▶ **LISTED ENTRIES**:
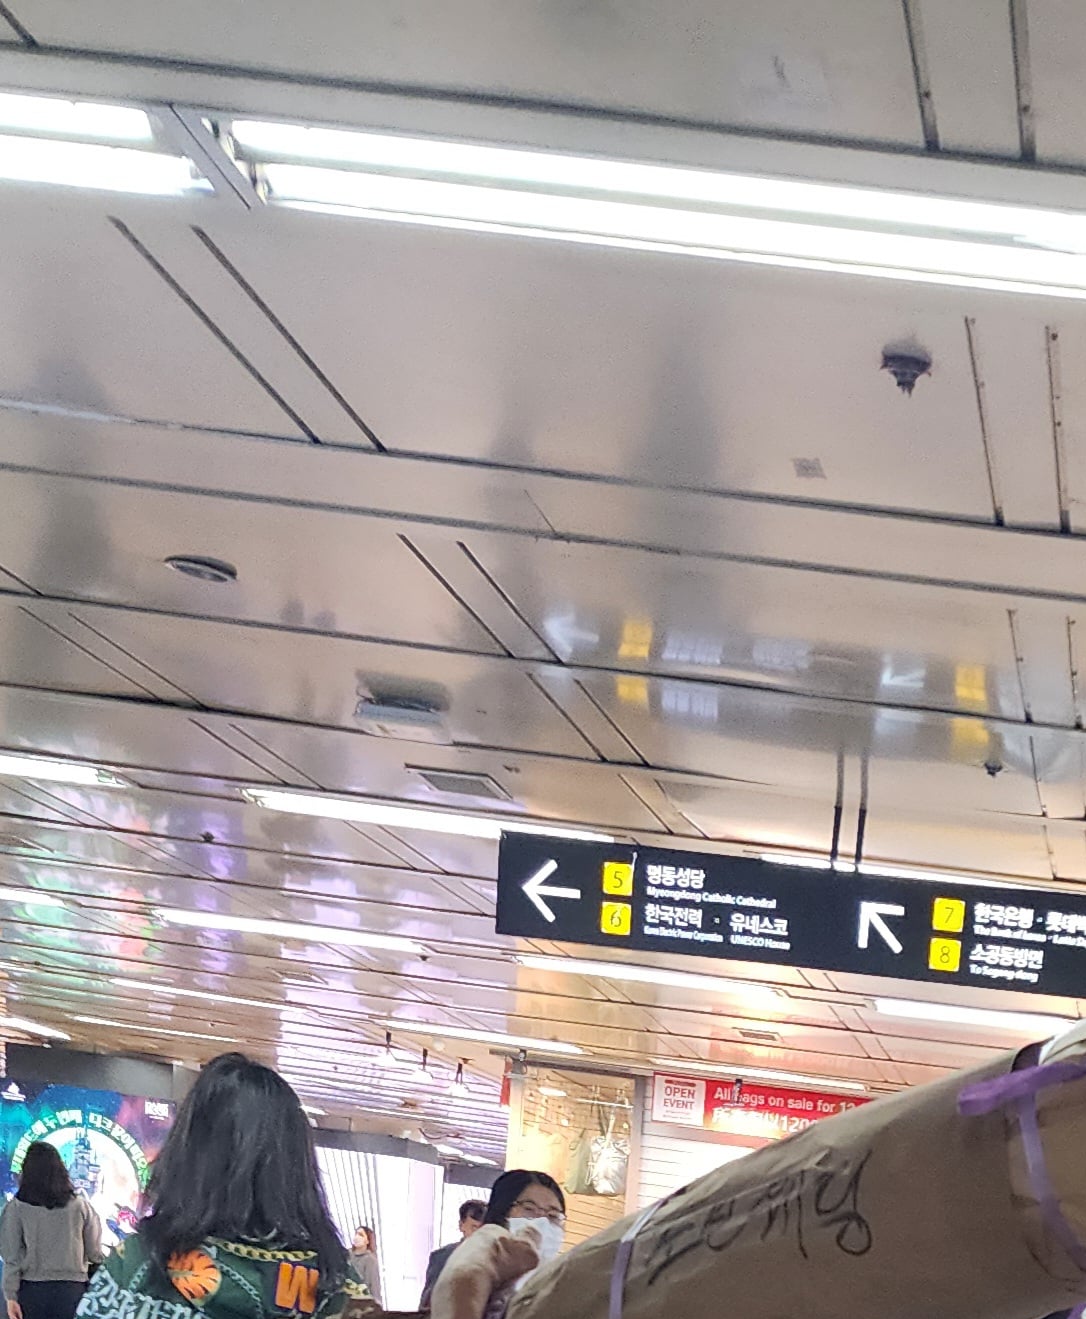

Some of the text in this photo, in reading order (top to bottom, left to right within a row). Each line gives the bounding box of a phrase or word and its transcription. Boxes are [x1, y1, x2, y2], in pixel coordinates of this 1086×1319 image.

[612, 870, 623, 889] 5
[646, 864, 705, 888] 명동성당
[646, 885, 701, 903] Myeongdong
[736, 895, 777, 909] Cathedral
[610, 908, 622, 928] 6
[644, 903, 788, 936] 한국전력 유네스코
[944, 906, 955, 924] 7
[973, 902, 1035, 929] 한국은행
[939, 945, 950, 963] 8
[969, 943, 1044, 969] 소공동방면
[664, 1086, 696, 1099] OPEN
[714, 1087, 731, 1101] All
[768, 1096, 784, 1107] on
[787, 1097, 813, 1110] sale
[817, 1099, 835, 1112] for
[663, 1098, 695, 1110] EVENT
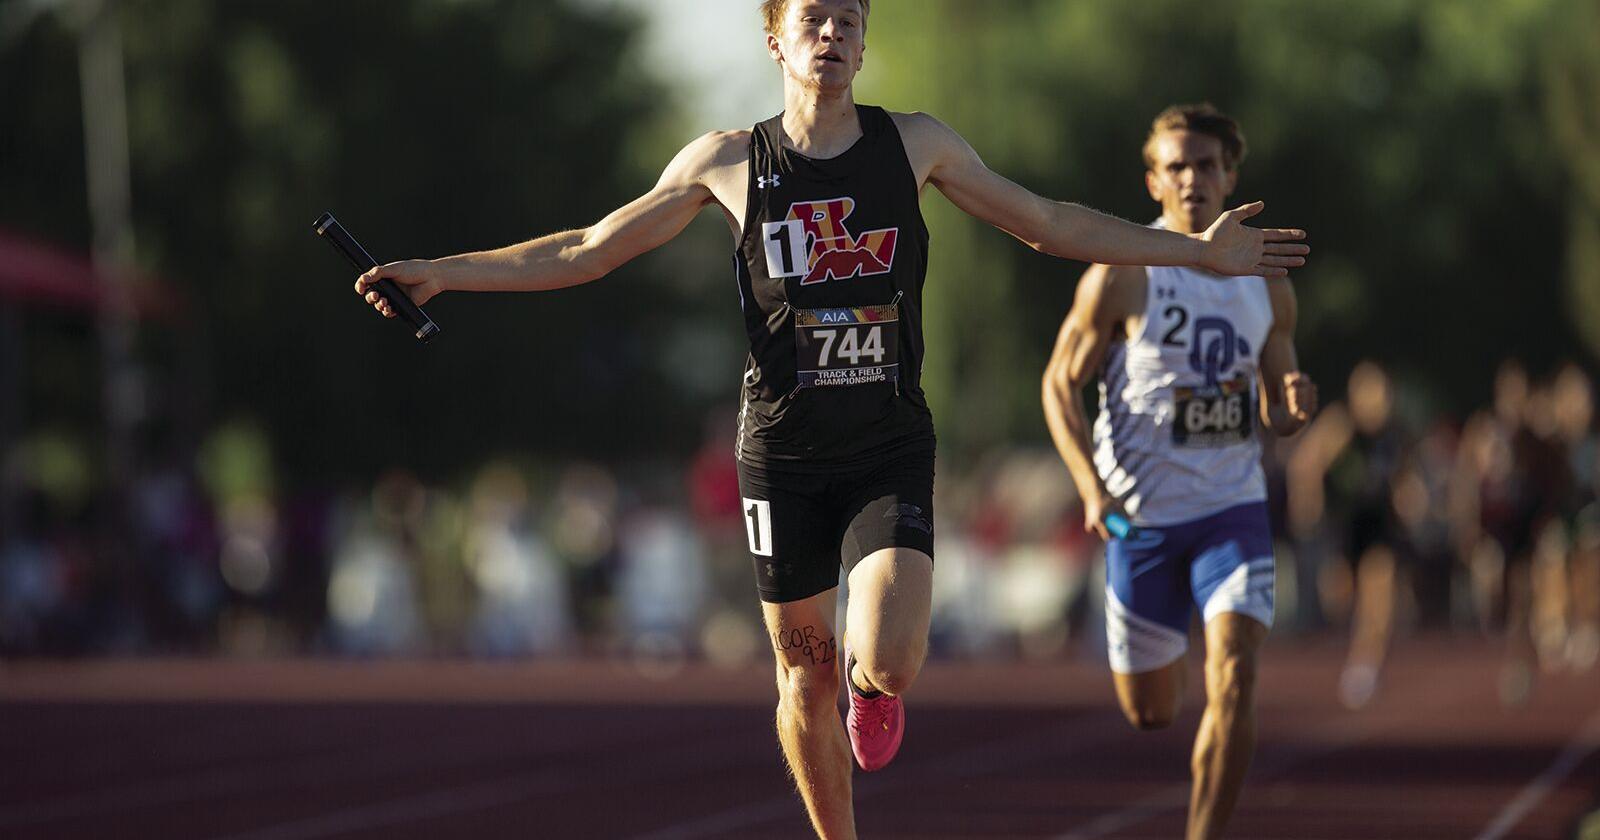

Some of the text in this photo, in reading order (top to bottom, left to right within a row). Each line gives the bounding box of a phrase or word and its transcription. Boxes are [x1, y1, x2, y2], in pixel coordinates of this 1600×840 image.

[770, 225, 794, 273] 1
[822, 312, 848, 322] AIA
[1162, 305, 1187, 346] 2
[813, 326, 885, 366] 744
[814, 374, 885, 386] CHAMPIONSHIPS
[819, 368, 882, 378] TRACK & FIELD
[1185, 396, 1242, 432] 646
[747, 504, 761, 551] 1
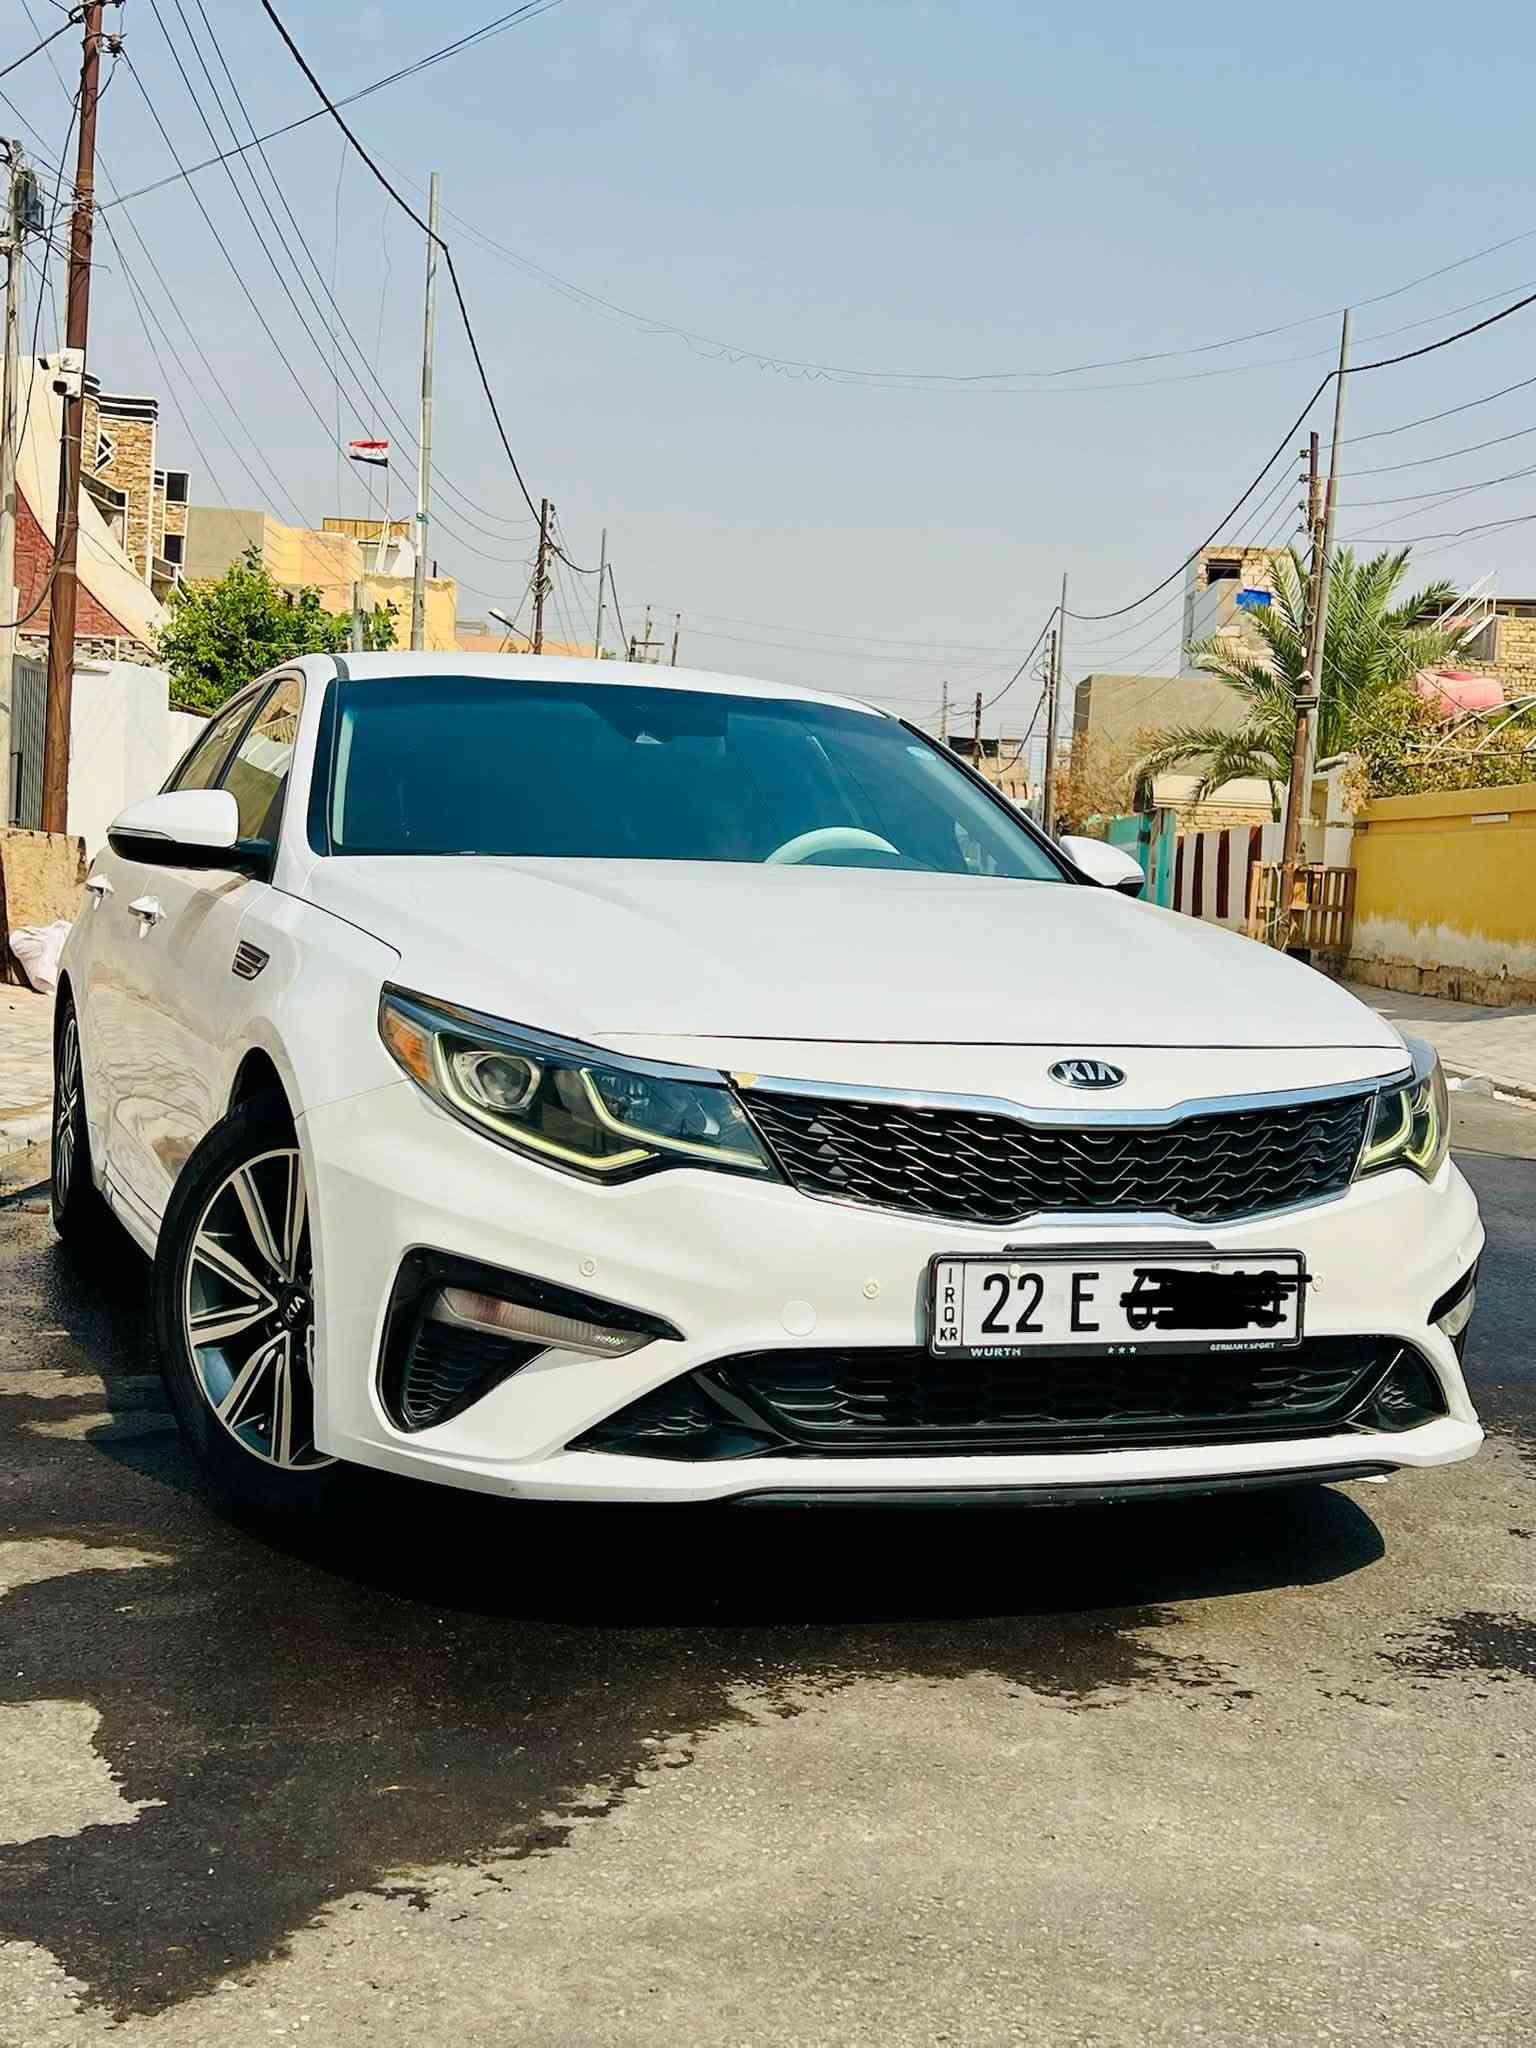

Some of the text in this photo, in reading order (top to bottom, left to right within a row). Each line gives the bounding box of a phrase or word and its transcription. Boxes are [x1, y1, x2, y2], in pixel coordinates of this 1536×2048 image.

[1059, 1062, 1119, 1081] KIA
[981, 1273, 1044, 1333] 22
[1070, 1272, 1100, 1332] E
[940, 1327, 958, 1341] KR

▶ **WORK INSTRUCTION**: Because the copy must hold no pictures, return only the lines that run from the line containing "this 1600×840 image." to the end of the data above, each exactly as it stands.

▶ **ANSWER TO THE EXERCISE**:
Some of the text in this photo, in reading order (top to bottom, left to right within a row). Each line gives the bounding box of a phrase or word and its transcription. Boxes are [x1, y1, x2, y2], in pixel coordinates of this 1600×840 image.

[770, 225, 794, 273] 1
[822, 312, 848, 322] AIA
[1162, 305, 1187, 346] 2
[813, 326, 885, 366] 744
[814, 374, 885, 386] CHAMPIONSHIPS
[819, 368, 882, 378] TRACK & FIELD
[1185, 396, 1242, 432] 646
[747, 504, 761, 551] 1

Some of the text in this photo, in reading order (top to bottom, left to right within a row). Each line gives the bounding box of a phrase or word and its transcription. Boxes are [x1, y1, x2, y2], in pixel coordinates of this 1536×2048 image.

[1059, 1062, 1119, 1081] KIA
[981, 1273, 1044, 1333] 22
[1070, 1272, 1100, 1332] E
[940, 1327, 958, 1341] KR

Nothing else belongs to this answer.